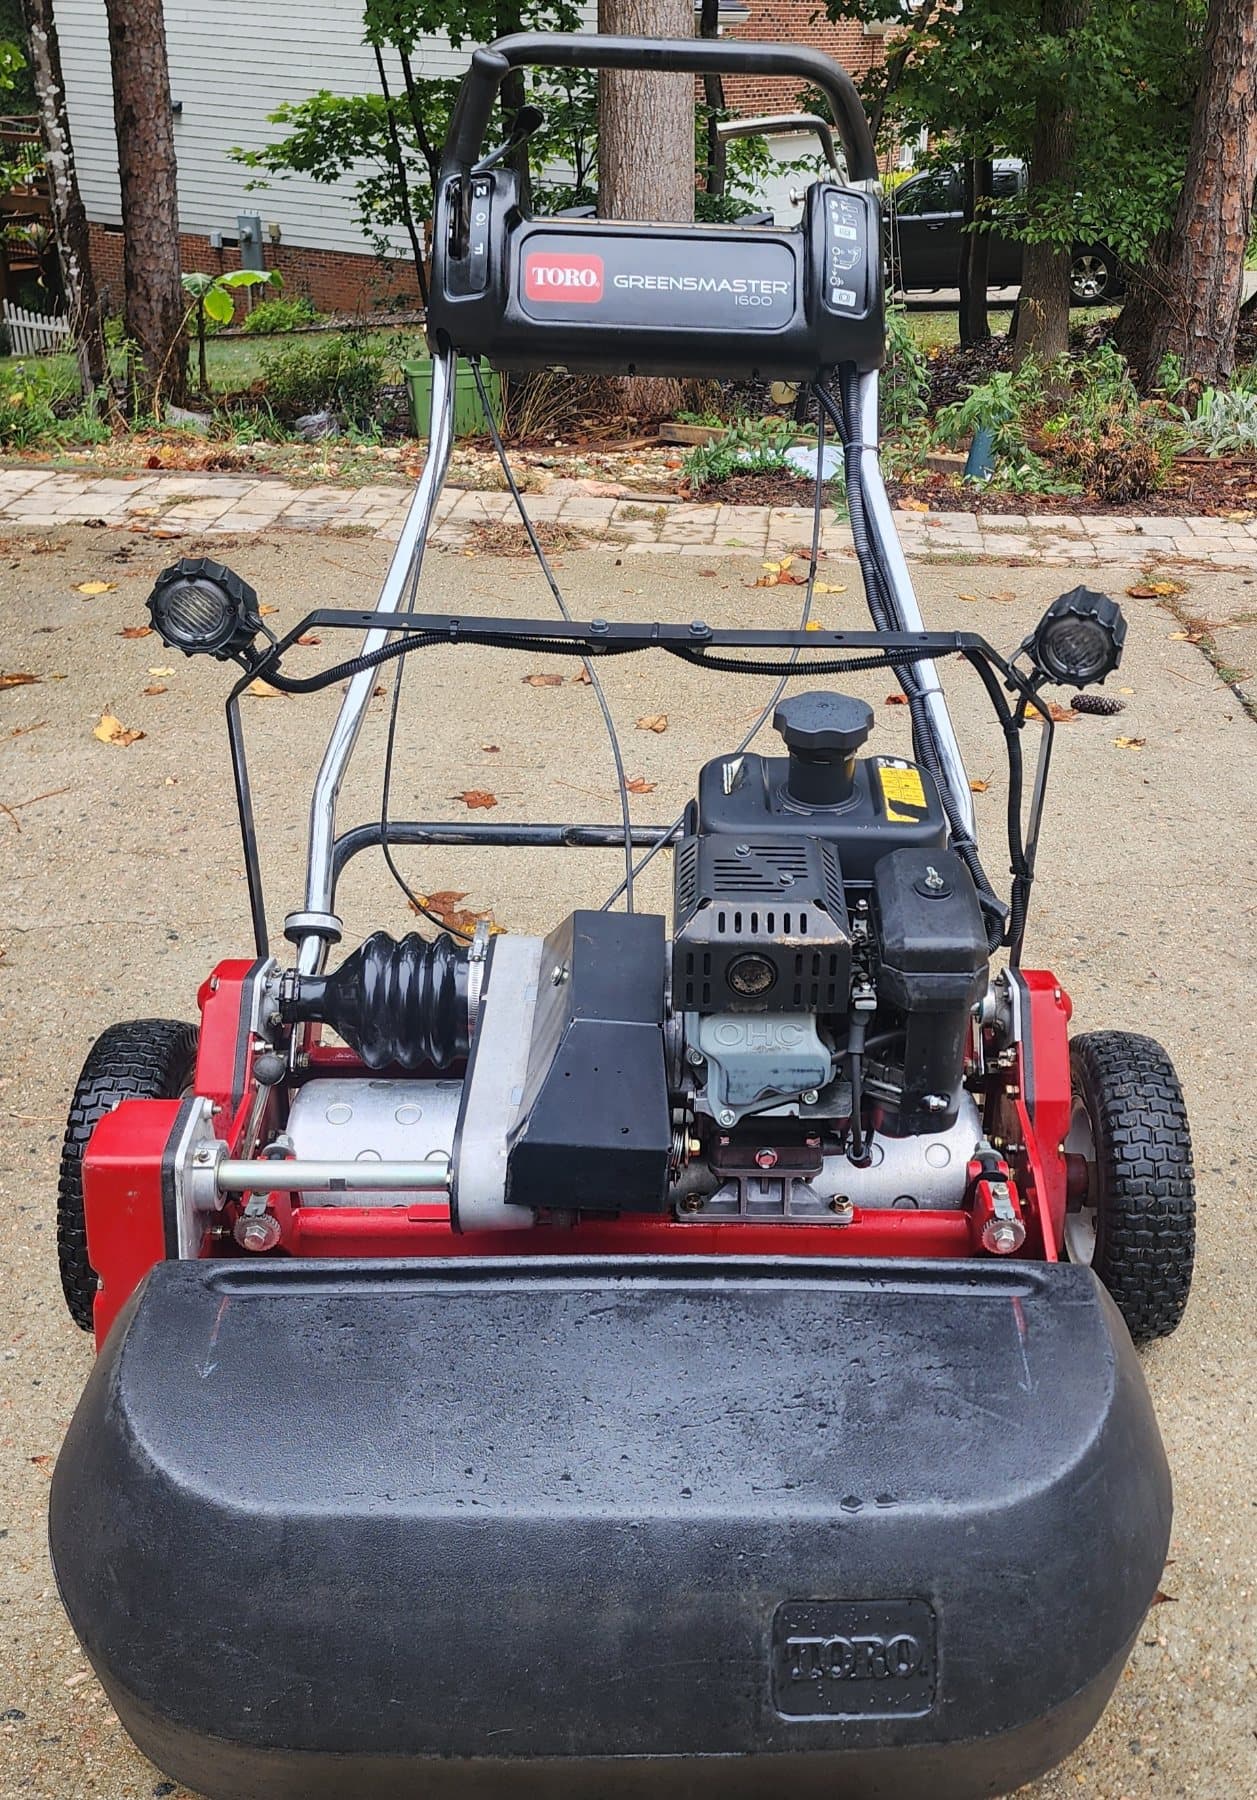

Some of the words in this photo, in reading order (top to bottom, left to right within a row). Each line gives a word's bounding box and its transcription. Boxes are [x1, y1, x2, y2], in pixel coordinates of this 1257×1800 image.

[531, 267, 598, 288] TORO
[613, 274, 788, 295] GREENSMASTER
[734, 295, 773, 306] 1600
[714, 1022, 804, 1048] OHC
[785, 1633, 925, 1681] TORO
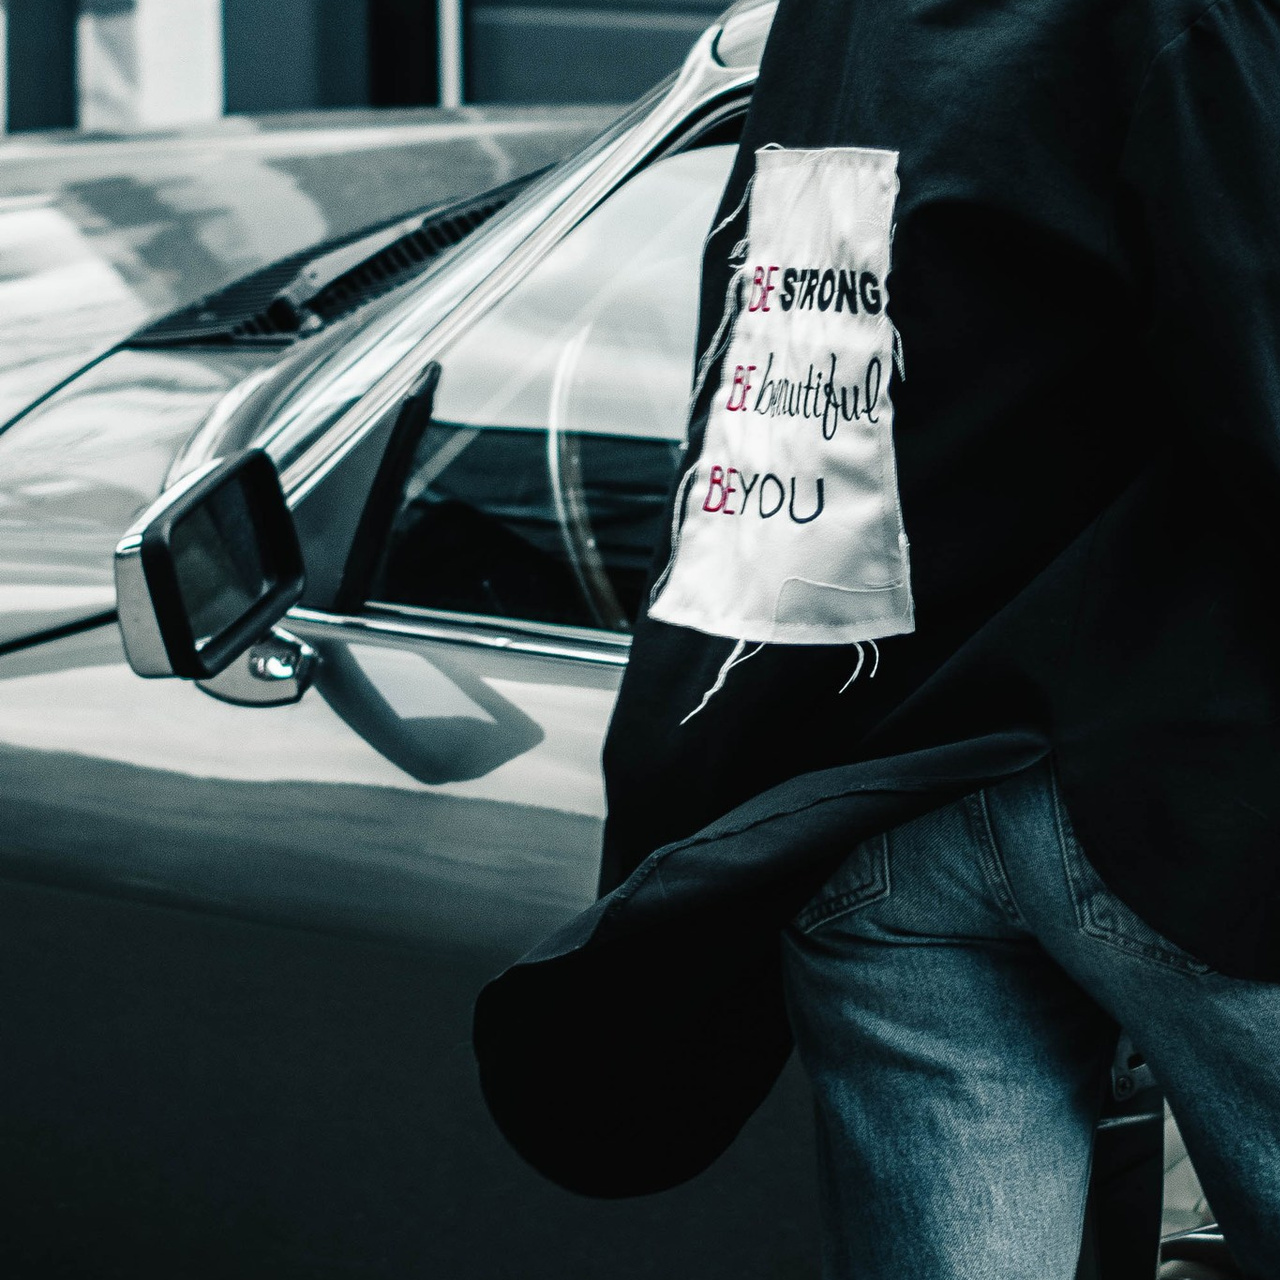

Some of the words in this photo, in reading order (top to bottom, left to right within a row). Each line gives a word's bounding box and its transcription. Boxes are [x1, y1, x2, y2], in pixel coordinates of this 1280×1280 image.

[TASK INSTRUCTIONS] Without including any picture, reproduce the material above word for word.

[ANSWER SPACE]
Some of the words in this photo, in reading order (top to bottom, left to right within a row). Each line gives a word's bounding box and its transcription. Boxes are [x1, y1, x2, y2], in pixel coordinates of this 1257×1800 image.

[531, 267, 598, 288] TORO
[613, 274, 788, 295] GREENSMASTER
[734, 295, 773, 306] 1600
[714, 1022, 804, 1048] OHC
[785, 1633, 925, 1681] TORO

Some of the words in this photo, in reading order (top to bottom, left to right within a row). Each line gives a word's bounding box and its transcription. Boxes are [x1, y1, x2, y2], in pixel coordinates of this 1280×1280 image.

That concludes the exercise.